Work required:
Exactly reproduce each record listed below.

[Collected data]
-.-.-
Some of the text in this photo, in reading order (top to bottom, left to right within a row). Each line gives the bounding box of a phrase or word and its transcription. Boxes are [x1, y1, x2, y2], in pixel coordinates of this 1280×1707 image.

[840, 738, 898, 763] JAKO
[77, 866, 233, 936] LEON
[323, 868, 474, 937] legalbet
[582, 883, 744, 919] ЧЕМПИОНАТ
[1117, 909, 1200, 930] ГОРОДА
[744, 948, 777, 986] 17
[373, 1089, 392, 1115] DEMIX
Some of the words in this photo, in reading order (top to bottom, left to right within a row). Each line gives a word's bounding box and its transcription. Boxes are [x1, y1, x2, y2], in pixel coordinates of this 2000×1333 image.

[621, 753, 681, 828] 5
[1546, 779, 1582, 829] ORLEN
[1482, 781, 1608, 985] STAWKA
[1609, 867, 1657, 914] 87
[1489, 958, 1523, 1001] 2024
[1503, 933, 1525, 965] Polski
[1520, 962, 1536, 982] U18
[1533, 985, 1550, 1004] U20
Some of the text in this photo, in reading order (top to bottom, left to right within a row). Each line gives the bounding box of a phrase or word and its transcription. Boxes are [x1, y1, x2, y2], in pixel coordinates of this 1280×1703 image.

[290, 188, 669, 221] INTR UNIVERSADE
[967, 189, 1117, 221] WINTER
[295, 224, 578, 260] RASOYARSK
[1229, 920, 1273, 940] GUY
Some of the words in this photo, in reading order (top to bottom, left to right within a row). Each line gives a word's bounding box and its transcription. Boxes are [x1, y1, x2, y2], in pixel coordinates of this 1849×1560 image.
-.-.-
Response to the exercise:
Some of the text in this photo, in reading order (top to bottom, left to right within a row). Each line gives the bounding box of a phrase or word and its transcription. Boxes are [x1, y1, x2, y2], in pixel coordinates of this 1280×1707 image.

[840, 738, 898, 763] JAKO
[77, 866, 233, 936] LEON
[323, 868, 474, 937] legalbet
[582, 883, 744, 919] ЧЕМПИОНАТ
[1117, 909, 1200, 930] ГОРОДА
[744, 948, 777, 986] 17
[373, 1089, 392, 1115] DEMIX
Some of the words in this photo, in reading order (top to bottom, left to right within a row). Each line gives a word's bounding box and its transcription. Boxes are [x1, y1, x2, y2], in pixel coordinates of this 2000×1333 image.

[621, 753, 681, 828] 5
[1546, 779, 1582, 829] ORLEN
[1482, 781, 1608, 985] STAWKA
[1609, 867, 1657, 914] 87
[1489, 958, 1523, 1001] 2024
[1503, 933, 1525, 965] Polski
[1520, 962, 1536, 982] U18
[1533, 985, 1550, 1004] U20
Some of the text in this photo, in reading order (top to bottom, left to right within a row). Each line gives the bounding box of a phrase or word and its transcription. Boxes are [x1, y1, x2, y2], in pixel coordinates of this 1280×1703 image.

[290, 188, 669, 221] INTR UNIVERSADE
[967, 189, 1117, 221] WINTER
[295, 224, 578, 260] RASOYARSK
[1229, 920, 1273, 940] GUY
Some of the words in this photo, in reading order (top to bottom, left to right within a row). Each line gives a word's bounding box and its transcription. Boxes are [x1, y1, x2, y2], in pixel coordinates of this 1849×1560 image.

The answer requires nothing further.